Under the new system children are considered to have different “learning styles” and instead of being taught by the conventional method of listening to a teacher, they should be allowed to wander around, listen to music and even play with balls in the classroom.

But now Baroness Greenfield, the director of the Royal Institute and a professor of pharmacology at Oxford University, has dismissed as “nonsense” the view that pupils prefer to receive information either by sight, sound or touch.

She said that the method of classifying pupils on the basis of “learning styles” is a waste of valuable time and resources.

Hear!
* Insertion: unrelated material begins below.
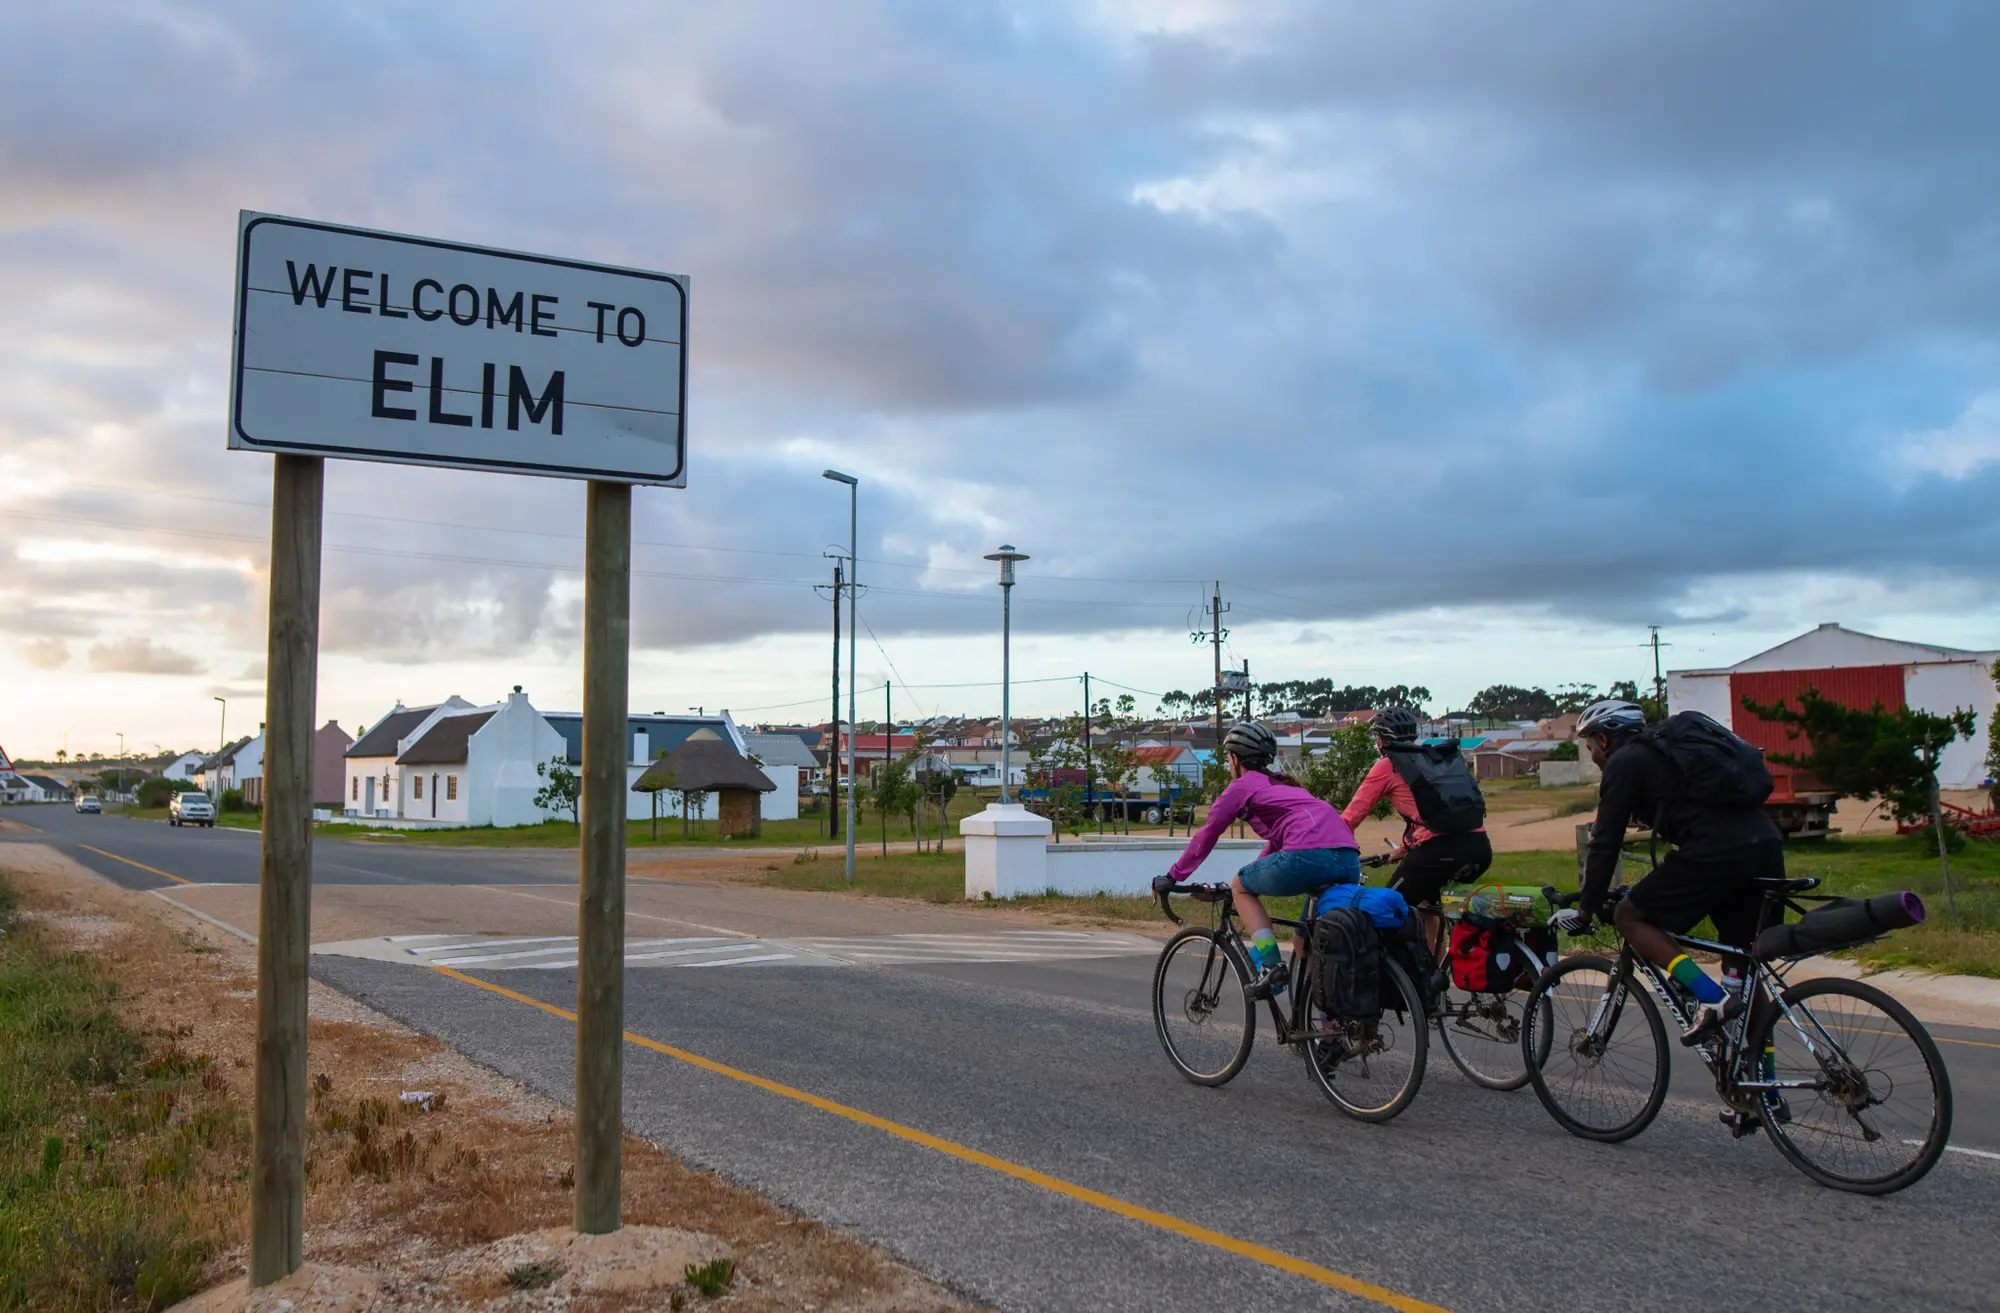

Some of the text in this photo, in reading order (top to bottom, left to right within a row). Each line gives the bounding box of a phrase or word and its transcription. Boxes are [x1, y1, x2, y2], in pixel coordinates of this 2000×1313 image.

[285, 259, 646, 348] WELCOME TO
[371, 349, 565, 436] ELIM
[1642, 965, 1713, 1062] cannonle
Hear! See! See! Touch! Touch! Feel! Feel! Smell! Smell! Taste! Taste! Intuit! Intuit!

There are two points in Ms. Henry’s coverage I’d like to correct: First, the learning style movement is not new; Lester Mann covered the history of the idea in his marvelous book, On the Trail of Process (ISBN-10: 0808911376; ISBN-13: 978-0808911371). Second, the story over-emphasizes modality preference; herein is one of the problems with the literature on the topic: Some of the literature examines whether people express preferences (they can and do) but the more important matter, as I see it, is not whether they have preferences but whether adapting instruction to the purported style (whether established by preference assessment or some other means) improves their outcomes.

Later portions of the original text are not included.